The car pulls away from the curb, and I start to ask Nikolay if we can get some alcohol for me too, but then my mom’s talking again.
“Your father had some very exclusive clients at his summer camp a time or two. There was a Norwegian prince one year, and the son of an oil baron another year. We should’ve made sure you spent more time with them to learn rich people manners.”
“Wasn’t that before Hyacinth and I were born?”
“Don’t bother me with details, Begonia. The point is, you have a very rare opportunity, and you need to not waste it.”
“Marshmallow! Oh, no! Silly doggy! How could you spill that strawberry daiquiri all over the inside of this priceless limo! Mom, I have to go. Marshmallow and I are in trouble with the billionaires again.”
My dog stares at me in horror, like he can’t believe I just threw him under the bus, while I hang up on my mother.

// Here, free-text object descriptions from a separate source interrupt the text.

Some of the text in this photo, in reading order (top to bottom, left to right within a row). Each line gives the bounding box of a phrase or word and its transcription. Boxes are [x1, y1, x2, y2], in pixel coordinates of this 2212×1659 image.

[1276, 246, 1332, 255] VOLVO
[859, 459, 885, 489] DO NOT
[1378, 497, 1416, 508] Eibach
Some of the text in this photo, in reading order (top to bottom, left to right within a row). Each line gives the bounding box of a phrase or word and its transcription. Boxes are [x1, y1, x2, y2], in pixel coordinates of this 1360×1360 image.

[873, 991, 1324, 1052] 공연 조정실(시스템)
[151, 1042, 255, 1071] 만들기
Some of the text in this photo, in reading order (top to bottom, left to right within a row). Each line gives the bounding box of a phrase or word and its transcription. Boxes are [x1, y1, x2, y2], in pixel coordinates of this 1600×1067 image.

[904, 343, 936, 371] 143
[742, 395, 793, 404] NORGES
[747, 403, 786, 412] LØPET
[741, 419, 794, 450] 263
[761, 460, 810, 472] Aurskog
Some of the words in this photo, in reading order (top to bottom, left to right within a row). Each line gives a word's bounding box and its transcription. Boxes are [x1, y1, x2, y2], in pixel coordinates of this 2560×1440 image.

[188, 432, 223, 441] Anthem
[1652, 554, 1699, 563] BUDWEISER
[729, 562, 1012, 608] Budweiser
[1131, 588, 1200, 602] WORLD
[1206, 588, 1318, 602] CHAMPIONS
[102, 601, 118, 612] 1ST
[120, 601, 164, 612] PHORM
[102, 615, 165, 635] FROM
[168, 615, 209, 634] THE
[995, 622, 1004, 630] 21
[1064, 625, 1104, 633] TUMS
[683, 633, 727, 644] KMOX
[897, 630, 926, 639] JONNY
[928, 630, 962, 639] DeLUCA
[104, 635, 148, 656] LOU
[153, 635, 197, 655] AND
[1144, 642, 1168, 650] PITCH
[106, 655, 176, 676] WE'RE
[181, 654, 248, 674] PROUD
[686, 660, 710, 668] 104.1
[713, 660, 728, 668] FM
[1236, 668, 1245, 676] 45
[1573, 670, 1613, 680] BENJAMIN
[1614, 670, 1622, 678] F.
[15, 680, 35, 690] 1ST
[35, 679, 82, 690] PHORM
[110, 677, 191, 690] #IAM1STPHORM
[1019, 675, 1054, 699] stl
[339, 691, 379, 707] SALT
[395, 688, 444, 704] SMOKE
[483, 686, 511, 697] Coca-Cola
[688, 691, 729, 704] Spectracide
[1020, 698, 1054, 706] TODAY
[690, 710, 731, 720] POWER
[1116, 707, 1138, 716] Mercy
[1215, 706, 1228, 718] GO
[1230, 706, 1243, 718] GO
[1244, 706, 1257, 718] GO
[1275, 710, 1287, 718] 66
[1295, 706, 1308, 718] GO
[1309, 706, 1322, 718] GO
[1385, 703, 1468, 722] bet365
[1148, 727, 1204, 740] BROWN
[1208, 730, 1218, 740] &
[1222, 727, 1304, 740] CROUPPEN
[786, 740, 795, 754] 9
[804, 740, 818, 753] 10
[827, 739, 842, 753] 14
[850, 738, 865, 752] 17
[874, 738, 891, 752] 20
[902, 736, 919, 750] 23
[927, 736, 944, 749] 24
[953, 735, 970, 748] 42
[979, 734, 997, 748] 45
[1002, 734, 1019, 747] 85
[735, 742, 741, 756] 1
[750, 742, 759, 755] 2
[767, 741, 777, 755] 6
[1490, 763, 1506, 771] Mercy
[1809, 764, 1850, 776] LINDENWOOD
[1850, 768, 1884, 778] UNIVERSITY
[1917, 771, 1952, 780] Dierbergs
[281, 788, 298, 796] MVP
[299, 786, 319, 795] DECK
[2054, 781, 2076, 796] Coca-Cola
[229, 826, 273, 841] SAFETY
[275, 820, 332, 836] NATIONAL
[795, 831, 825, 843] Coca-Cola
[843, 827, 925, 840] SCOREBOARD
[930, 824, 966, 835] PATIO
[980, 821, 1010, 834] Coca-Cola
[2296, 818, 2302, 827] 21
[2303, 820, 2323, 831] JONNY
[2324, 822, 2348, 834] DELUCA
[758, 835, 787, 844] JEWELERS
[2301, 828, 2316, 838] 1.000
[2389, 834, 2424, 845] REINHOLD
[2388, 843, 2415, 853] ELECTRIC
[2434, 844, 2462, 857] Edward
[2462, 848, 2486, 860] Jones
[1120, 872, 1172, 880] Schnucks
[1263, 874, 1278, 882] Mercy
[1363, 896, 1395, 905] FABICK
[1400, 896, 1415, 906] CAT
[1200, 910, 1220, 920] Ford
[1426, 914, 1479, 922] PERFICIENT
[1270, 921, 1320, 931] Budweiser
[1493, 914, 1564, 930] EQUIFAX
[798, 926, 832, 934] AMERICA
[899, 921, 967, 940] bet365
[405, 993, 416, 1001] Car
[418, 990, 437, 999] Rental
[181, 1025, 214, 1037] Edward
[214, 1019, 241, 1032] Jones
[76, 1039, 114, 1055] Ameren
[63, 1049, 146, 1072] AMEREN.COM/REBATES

“I’m so sorry, baby.” I hug him tight, holding my phone up on the other side of him to change my mother’s ringtone so that I won’t make the mistake of answering without thinking again. “I promise I’ll buy you six new chew toys and a big fluffy bed with my next paycheck. You know she’ll forgive you, but I would’ve never heard the end of it if I told her I was the one who stained the inside of a limo.”
Nikolay stares at me.
I sigh. “She wanted me to stay married to a man I didn’t love because she doesn’t think I can take care of myself. She means well, she just…wants different things for me than I want for myself.”
“What do you want?”
Dammit. That’s not supposed to make me cry. “For someone to love me just for me.”
He nods once. “I hope a penis grows out of your mother’s forehead.”
“She means well,” I insist again.
“If she meant well for you, she’d pay attention to what you want. Not what she wants for you.”
I ponder that on the rest of the drive to the Razzle Dazzle corporate offices, but the minute the complex comes into view, everything else fades out of my mind. “It looks like a little village! Like from one of the movies!”
Nikolay nods. “Mr. Rutherford believes people work best when they feel at home.”
“Mr. Rutherford—Hayes?”
“No, ma’am—his father. Mr. Gregory Rutherford.”
“Why does Hayes hate it? He told me it was dull and boring.”
“What one learns to appreciate depends on what one is surrounded with, ma’am.”
The limo turns a corner, passing an adorable little bookshop and a tea house that both remind me of the streets of shops at Razzle Dazzle Village. All the buildings are three or four stories tall, so I assume the offices are above.
I hope they’re just as quaint on the inside.
We turn another corner, and a stately gray brick building comes into view. “City Hall?” I guess.
Nikolay nods. “And the executive offices.”
“Hayes way undersold this.”
The limo glides to a stop at the steps to the fake City Hall building, and Hayes himself pushes through the glass doors to greet us.
His hair is disheveled, like he’s been running his fingers through it, and his square jaw is tight.
So are his eyes.
When I was little, I used to think Hyacinth and I would take over running the summer camp for Dad one day. But then the divorce happened, he declared bankruptcy, and he died, and the summer camp is no more.
But I’ve never wondered if I would’ve realized it wasn’t what I was supposed to do if Dad hadn’t had to sell it.
I’ve always assumed I would’ve happily taken over running the summer camp, but that it wasn’t in the cards from the universe.
And now I’m wondering if Hayes was born to do great things not related to Razzle Dazzle Studios.
Is he trapped? Does he feel obligated? Is he misreading the signs from the universe about other opportunities he has, or is he ignoring them, or is he just having a normal rough day because of upheaval in his family?
What would he do if he’d been born like me, to ordinary parents in an average family just outside the suburbs, instead of into a world-famous family with ridiculously high standards set by the world around them?
He reaches the limo and pulls my door open before Nikolay makes his way around the car to do it, and then he’s offering me a hand. “Begonia.”
“Hayes.”
Our palms connect, and my stomach drops.
In the good way, for the record.
As soon as I’m all the way out of the limo, he pulls me close, our bodies lining up while he presses his face into my hair. “Everyone will be watching us closely, so be on your best behavior,” he murmurs.